Petite Martinique is one of the islands of Carriacou and Petite Martinique, which is a dependency of Grenada.

It is 4 km (2½ miles) away from Carriacou. With its  and population of 900, it is smaller than Carriacou. Petite Martinique comprises about 9.8% of the total area and 10% of the entire population of Carriacou and Petite Martinique which is estimated at 10,000. The islanders live by boat-building, fishing and seafaring.

History 
The first settler on Petit Martinique was a Mr. Pierre from Martinique, who left his home island shortly after 1700 seeking new fertile land to grow sugarcane and cotton.  The island was owned by him and his wife ('Madame Pierre'), their children and their slaves. Hence, the largest village was named Madame Pierre after the wife of the French owner. It is thought that he named the island Petit (little) Martinique because he thought its shape resembled that of Martinique.

Colonial history 
On 27 September 1650, Jacques du Parquet bought Grenada from the Compagnie des Îles de l'Amérique, which was dissolved, for the equivalent of £1160. In 1657, Jacques du Parquet sold Grenada to Jean de Faudoas, Comte de Sérillac for the equivalent of £1890. In 1664, King Louis XIV bought out the independent island owners and established the French West India Company. In 1674 the French West India Company was dissolved.  Proprietary rule ended in Grenada, which became a French crown colony.

Petite Martinique was part of the French colony in 1762. It was part of the British West Indies Grenada colony from 1763-1779 and 1783-1974. It was part of French Grenada colony from 1779-1783. It has been a dependency of Grenada since 1974.

Recent history 

The majority of the inhabitants today are of Indian, Scottish, Portuguese, French and African descent. There still is a British influence on the island as it was colonised by the British Empire and it is part of Grenada, a Commonwealth state. The only French influence is demonstrated in village names, such as L'Esterre, La Resource, Beausejour, and others.  However, the local dialect is English-based creole languages.

The Sacred Heart Church was the first Roman Catholic church on Petite Martinique and the first wooden building. It was destroyed by a hurricane in the 1940s and the Church standing today was built in 1947.

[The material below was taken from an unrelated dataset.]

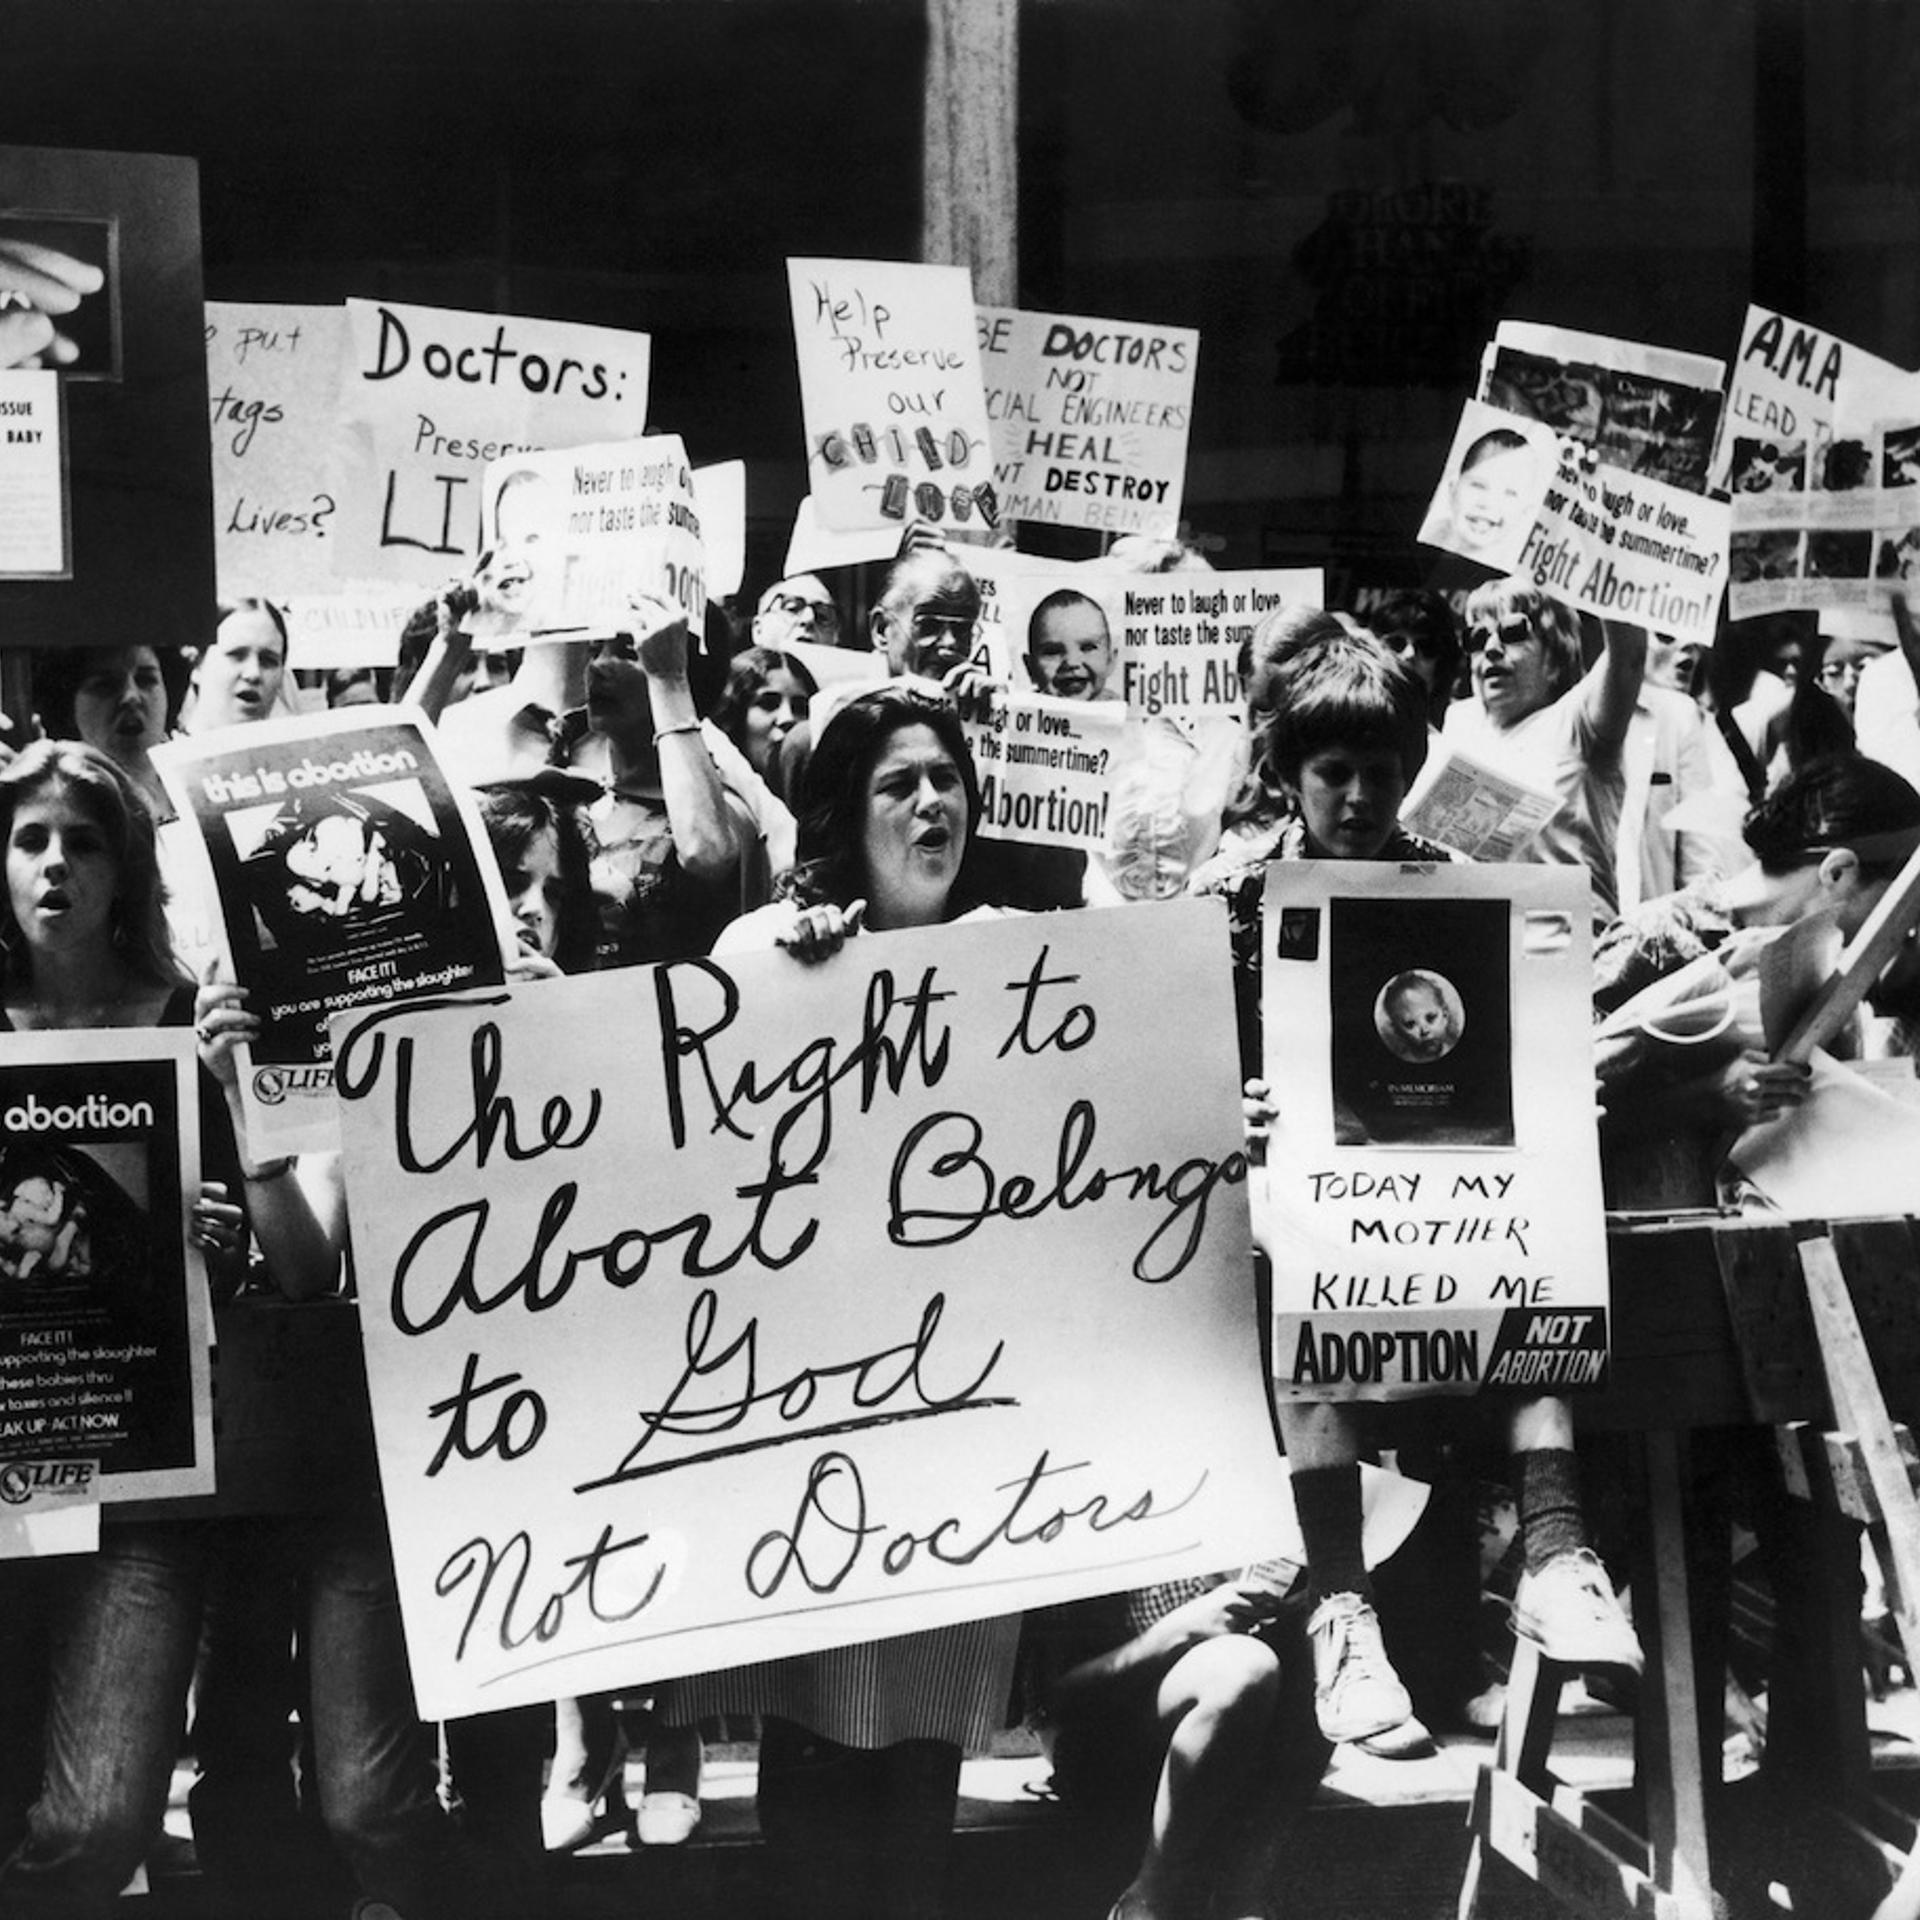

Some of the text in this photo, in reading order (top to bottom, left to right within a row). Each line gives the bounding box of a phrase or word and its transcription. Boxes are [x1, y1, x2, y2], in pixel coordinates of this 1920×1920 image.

Though Hurricane Ivan in 2004 dealt a devastating blow to the island of Grenada, Carriacou and Petite Martinique suffered significantly less damage. However, in 2005, Hurricane Emily hit Carriacou, damaging and forcing evacuation of its only hospital and destroying or damaging hundreds of homes.

Education 
Petite Martinique RC School is the only school in the island, so other schoolchildren travel by boat to schools in nearby Carriacou.